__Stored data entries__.
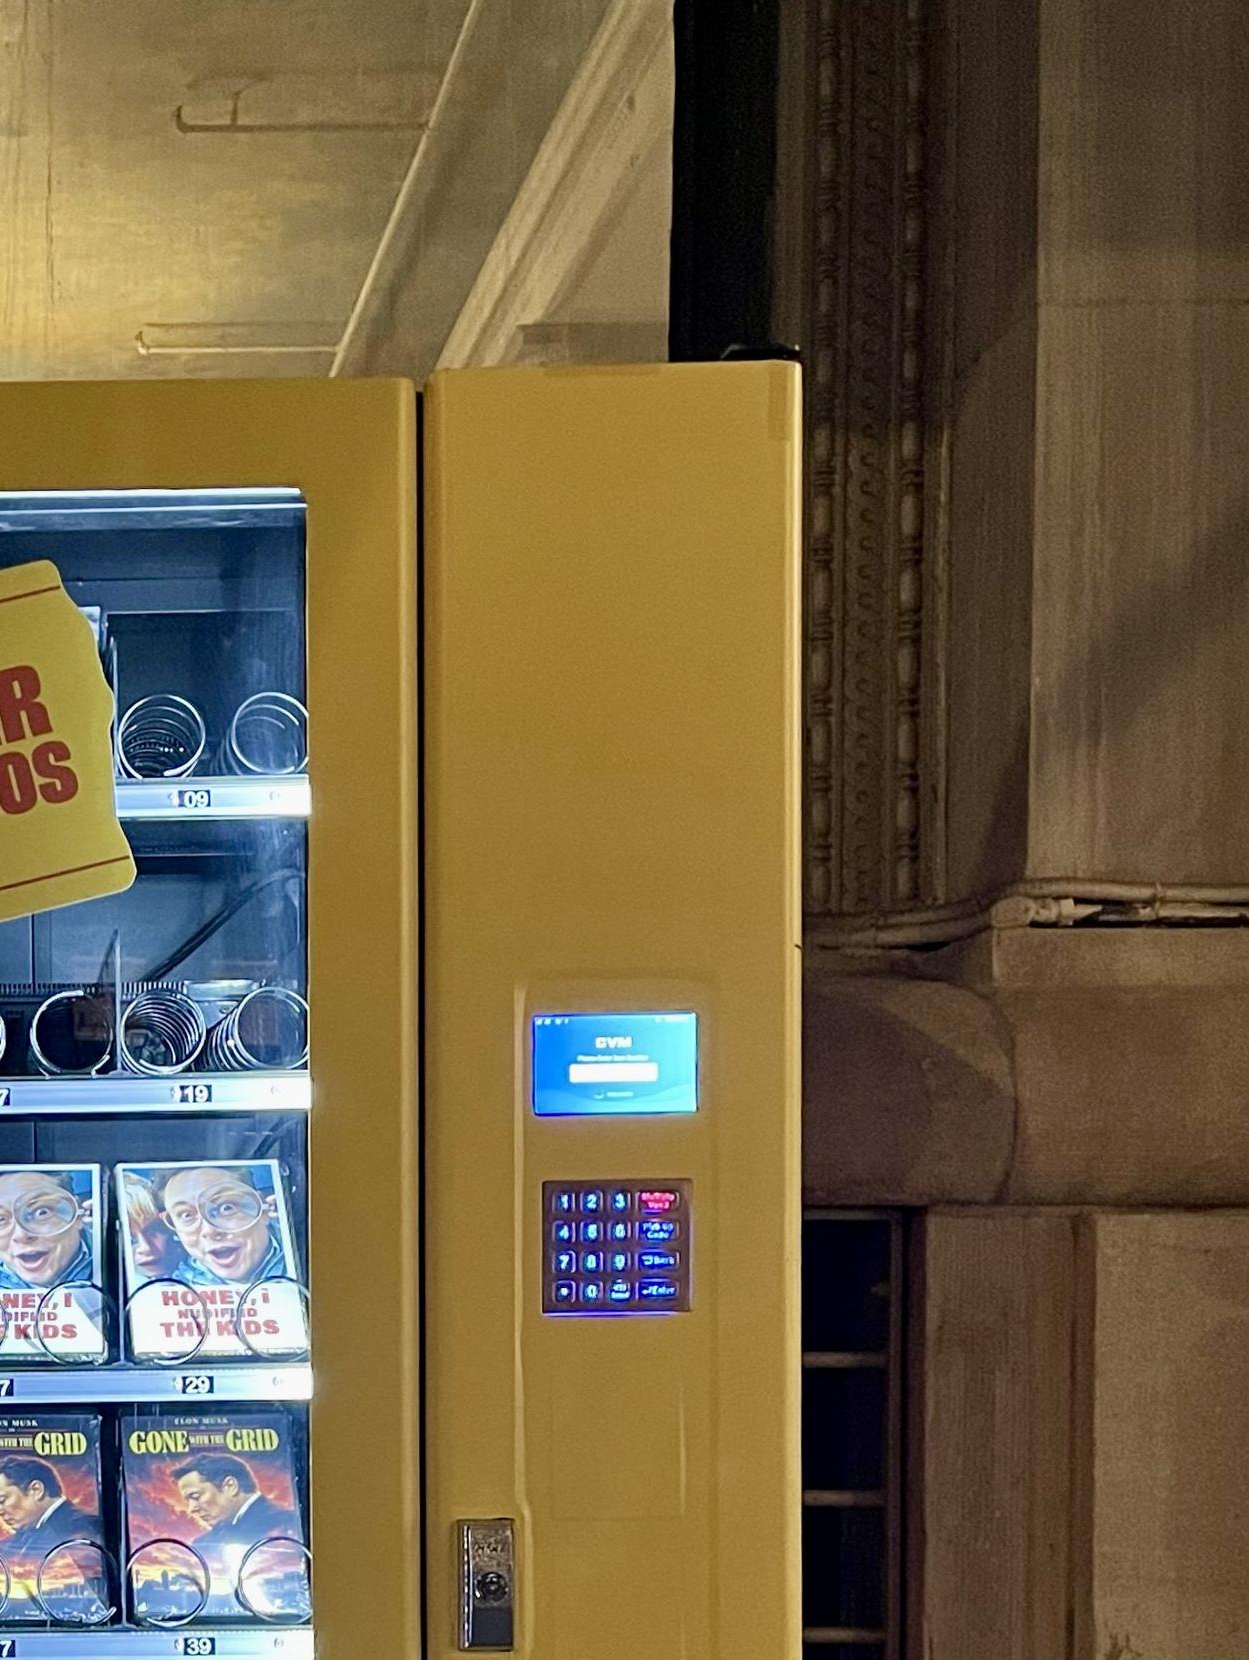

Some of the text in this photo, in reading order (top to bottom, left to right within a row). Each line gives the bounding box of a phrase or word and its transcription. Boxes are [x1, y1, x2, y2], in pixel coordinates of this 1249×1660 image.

[183, 791, 209, 808] 09
[184, 1085, 208, 1103] 19
[587, 1194, 597, 1209] 2
[559, 1255, 569, 1269] 7
[64, 1293, 72, 1307] I
[185, 1376, 210, 1394] 29
[34, 1431, 87, 1455] GRID
[129, 1430, 189, 1454] GONE
[225, 1428, 279, 1451] GRID
[187, 1637, 212, 1655] 39
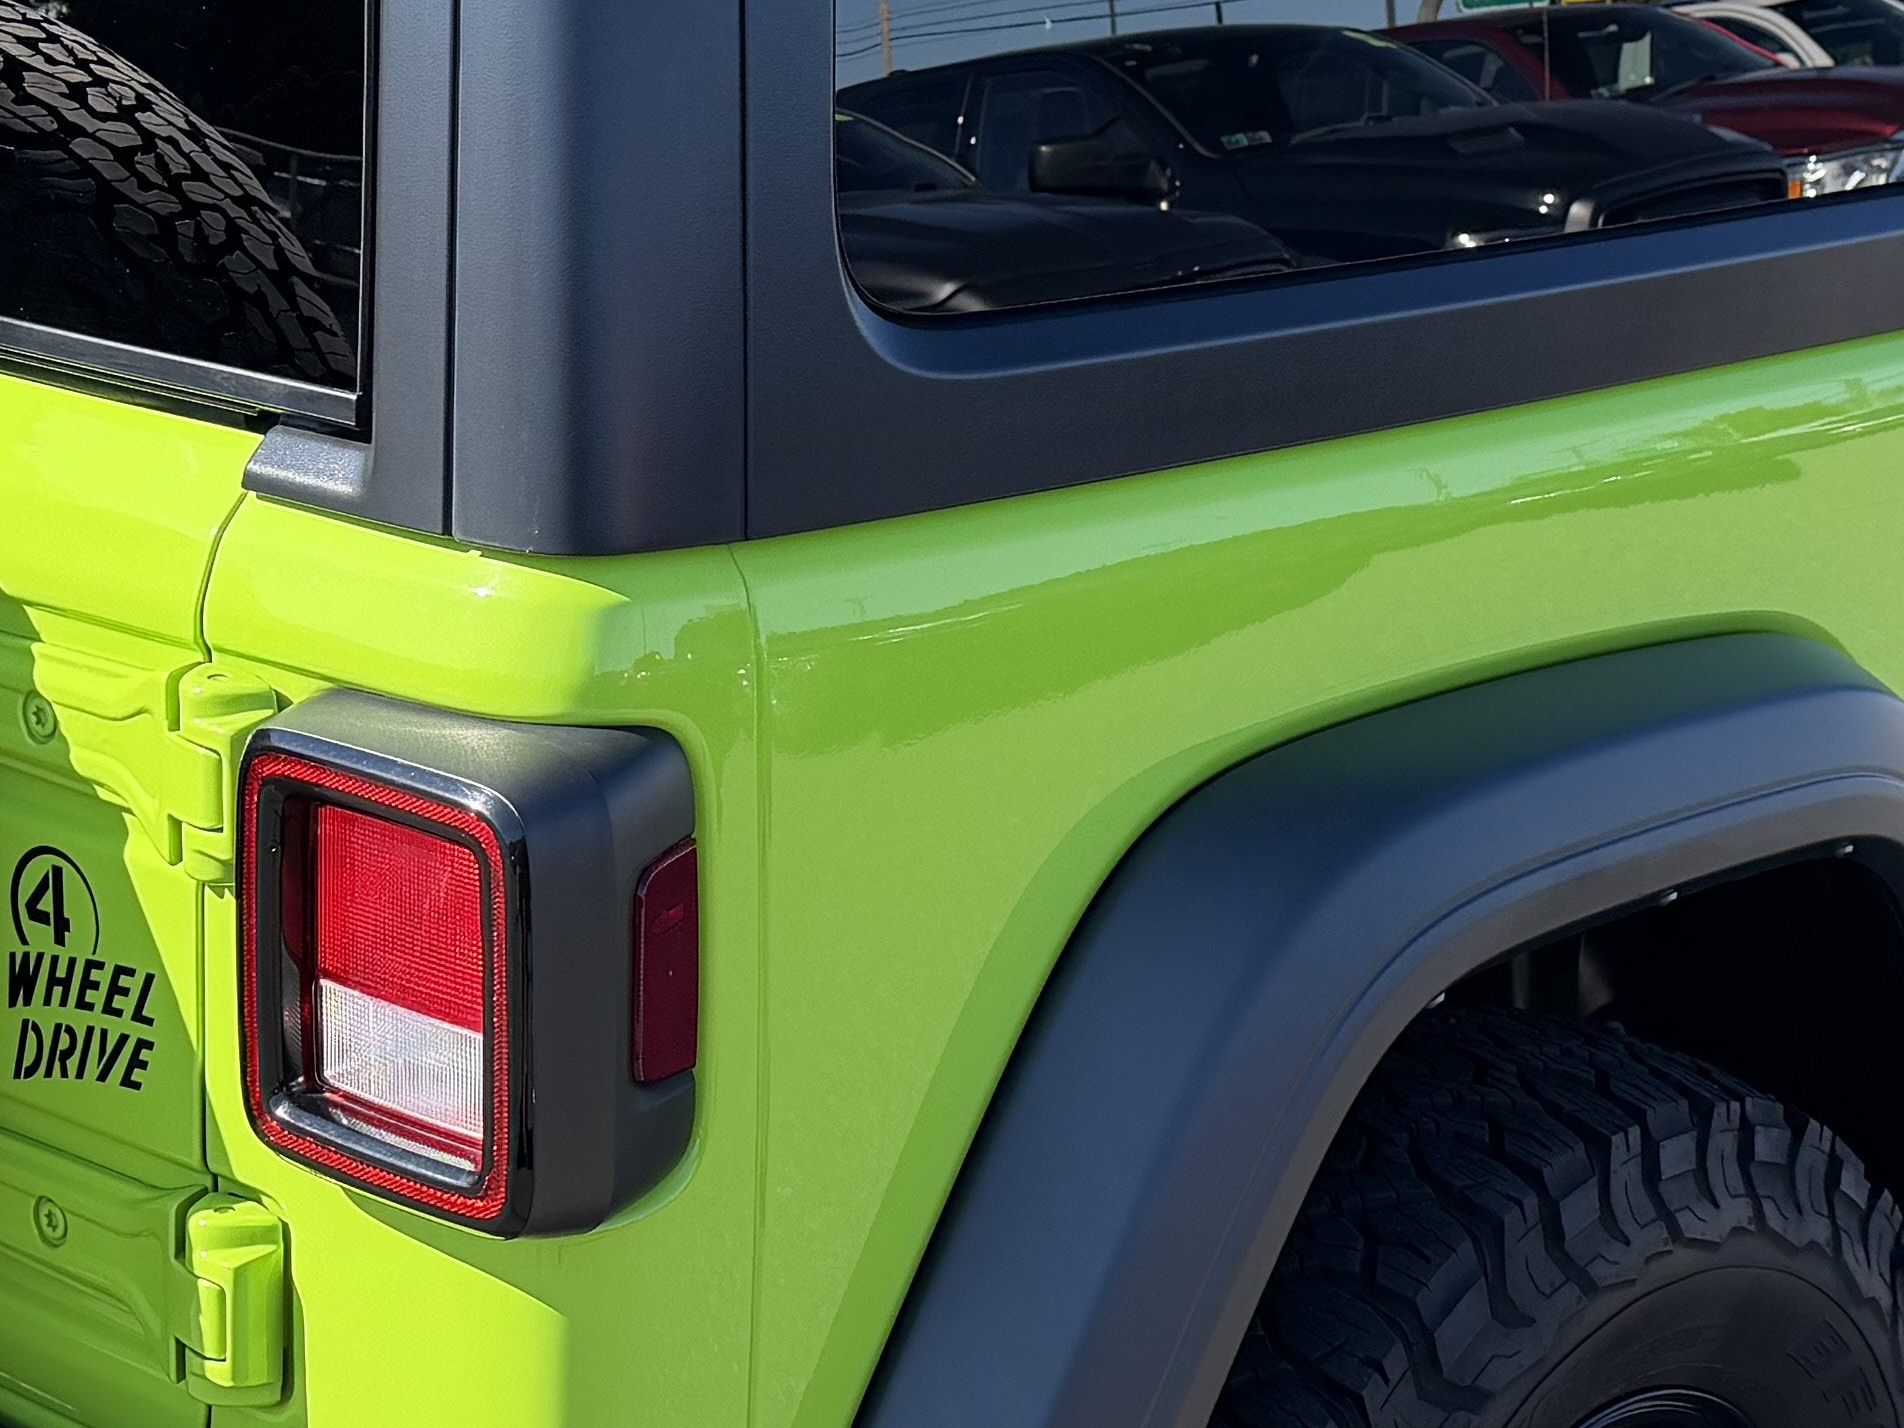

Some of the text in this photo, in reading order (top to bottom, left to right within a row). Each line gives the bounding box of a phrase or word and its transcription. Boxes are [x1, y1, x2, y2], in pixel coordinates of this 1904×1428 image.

[24, 863, 71, 948] 4
[8, 950, 156, 1028] WHEEL
[12, 1018, 156, 1091] DRIVE

__YOUR GOAL__. The entries above need to be repeated word for word, minus their pictures.

__RESPONSE TO THIS EXERCISE__.
Some of the text in this photo, in reading order (top to bottom, left to right within a row). Each line gives the bounding box of a phrase or word and its transcription. Boxes are [x1, y1, x2, y2], in pixel coordinates of this 1249×1660 image.

[183, 791, 209, 808] 09
[184, 1085, 208, 1103] 19
[587, 1194, 597, 1209] 2
[559, 1255, 569, 1269] 7
[64, 1293, 72, 1307] I
[185, 1376, 210, 1394] 29
[34, 1431, 87, 1455] GRID
[129, 1430, 189, 1454] GONE
[225, 1428, 279, 1451] GRID
[187, 1637, 212, 1655] 39

Some of the text in this photo, in reading order (top to bottom, left to right within a row). Each line gives the bounding box of a phrase or word and its transcription. Boxes are [x1, y1, x2, y2], in pixel coordinates of this 1904×1428 image.

[24, 863, 71, 948] 4
[8, 950, 156, 1028] WHEEL
[12, 1018, 156, 1091] DRIVE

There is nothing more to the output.